• Exercise material:
++++
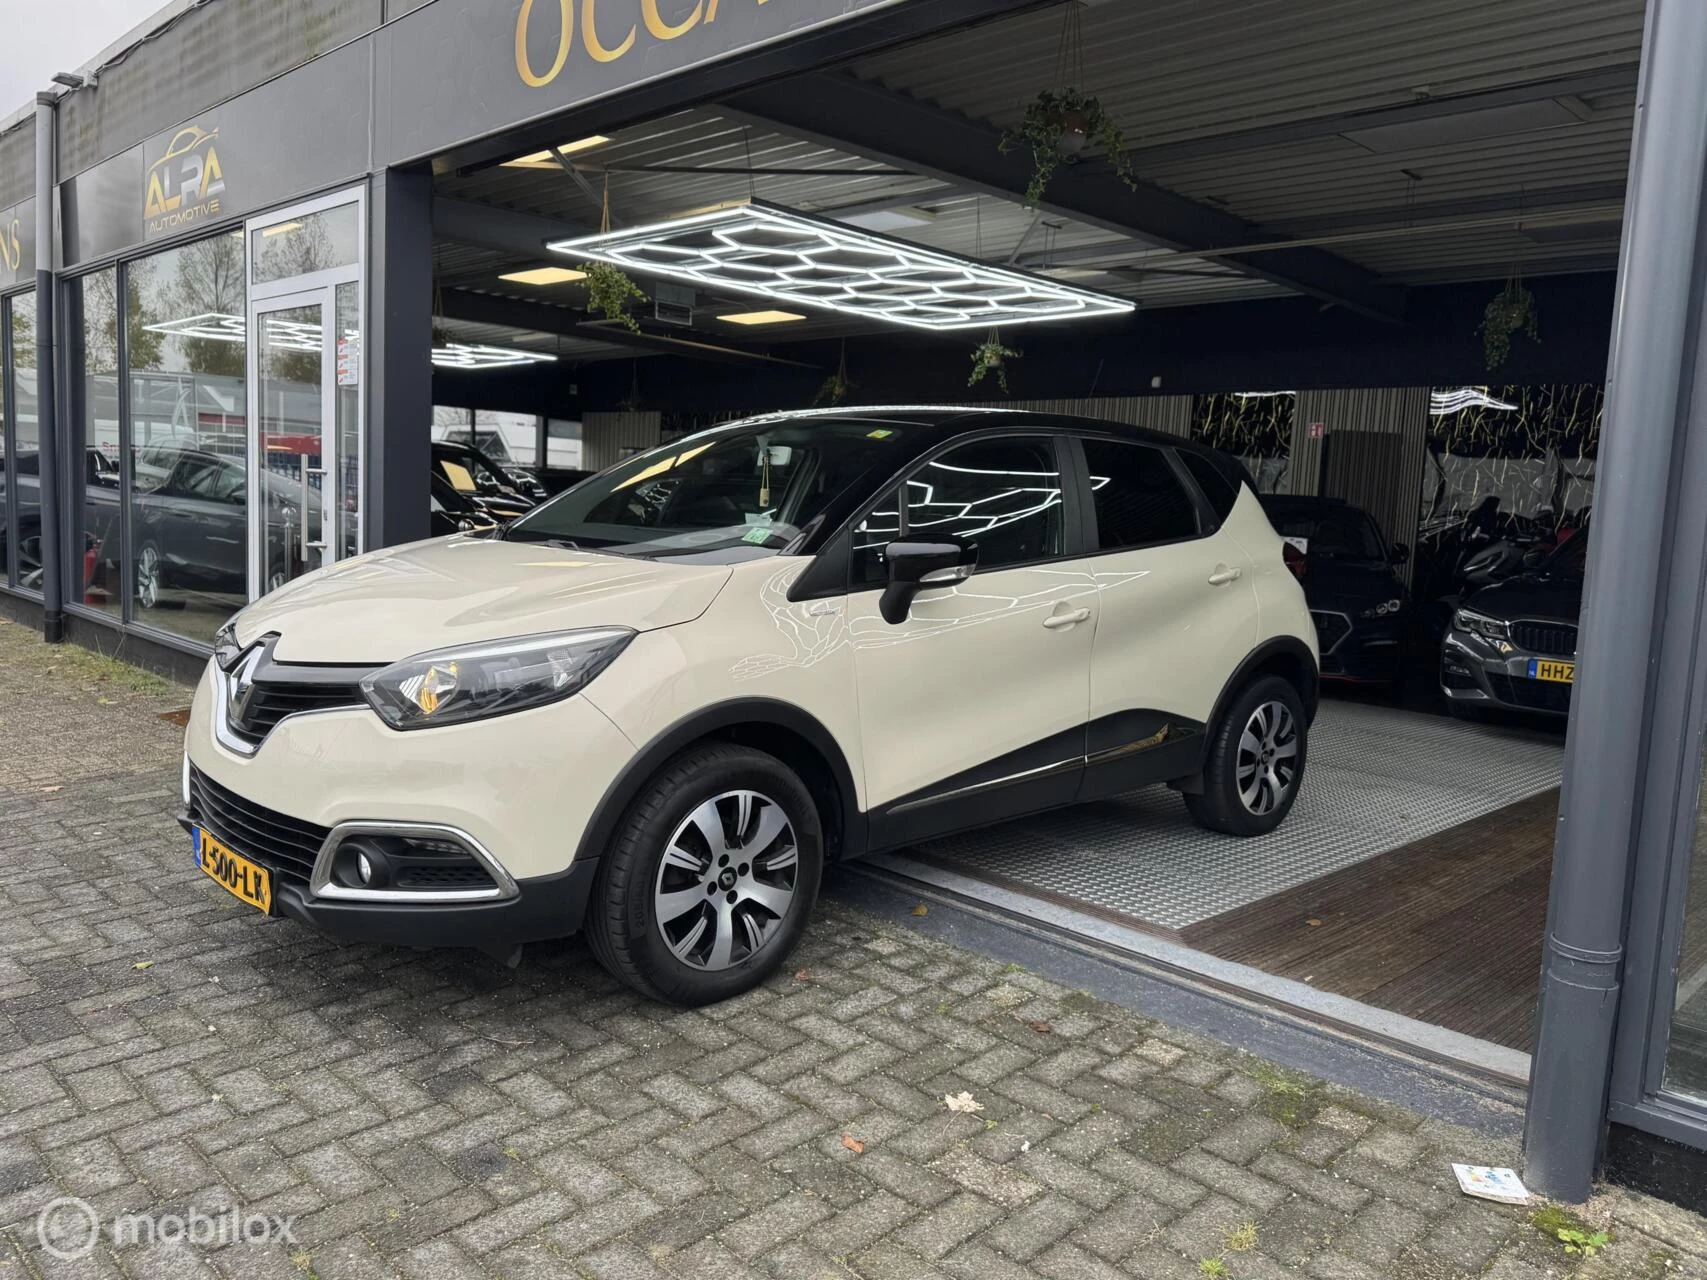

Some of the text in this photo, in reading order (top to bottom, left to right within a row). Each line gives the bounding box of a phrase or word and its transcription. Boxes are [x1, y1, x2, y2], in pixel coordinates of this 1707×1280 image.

[144, 146, 225, 219] ALRA
[149, 199, 220, 233] AUTOMOTIVE
[203, 839, 265, 905] L-500-LK
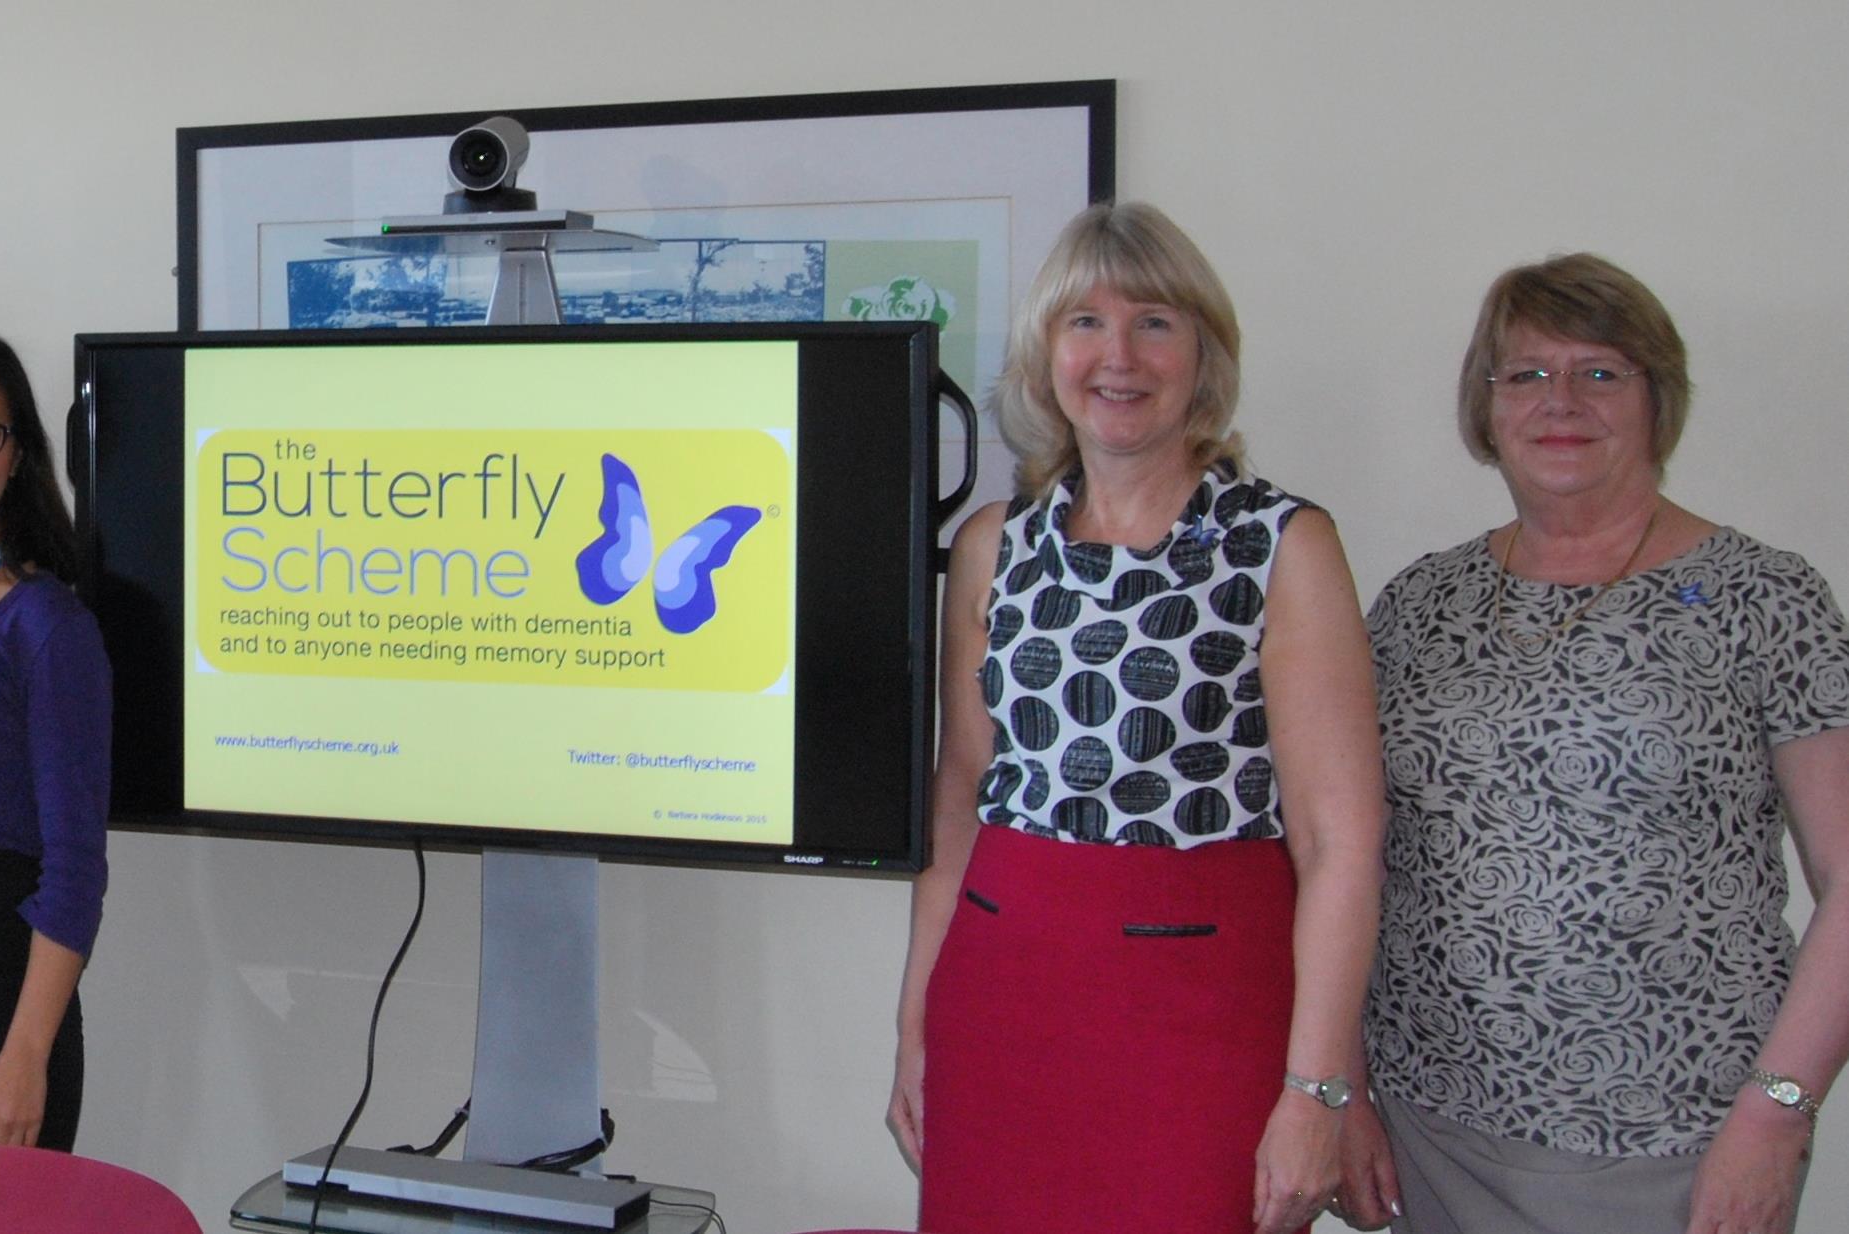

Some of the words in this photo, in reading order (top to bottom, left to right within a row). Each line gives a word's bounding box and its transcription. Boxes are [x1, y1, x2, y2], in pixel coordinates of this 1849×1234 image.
++++
• What is needed:
Copy each of the entries above precisely, and drop whatever pictures they hold.

• Solution:
Some of the text in this photo, in reading order (top to bottom, left to right within a row). Each line gives the bounding box of a phrase or word and its transcription. Boxes are [x1, y1, x2, y2], in pixel coordinates of this 1707×1280 image.

[144, 146, 225, 219] ALRA
[149, 199, 220, 233] AUTOMOTIVE
[203, 839, 265, 905] L-500-LK

Some of the words in this photo, in reading order (top to bottom, left to right within a row). Each line gives a word's bounding box and its transcription. Boxes are [x1, y1, x2, y2], in pixel coordinates of this 1849×1234 image.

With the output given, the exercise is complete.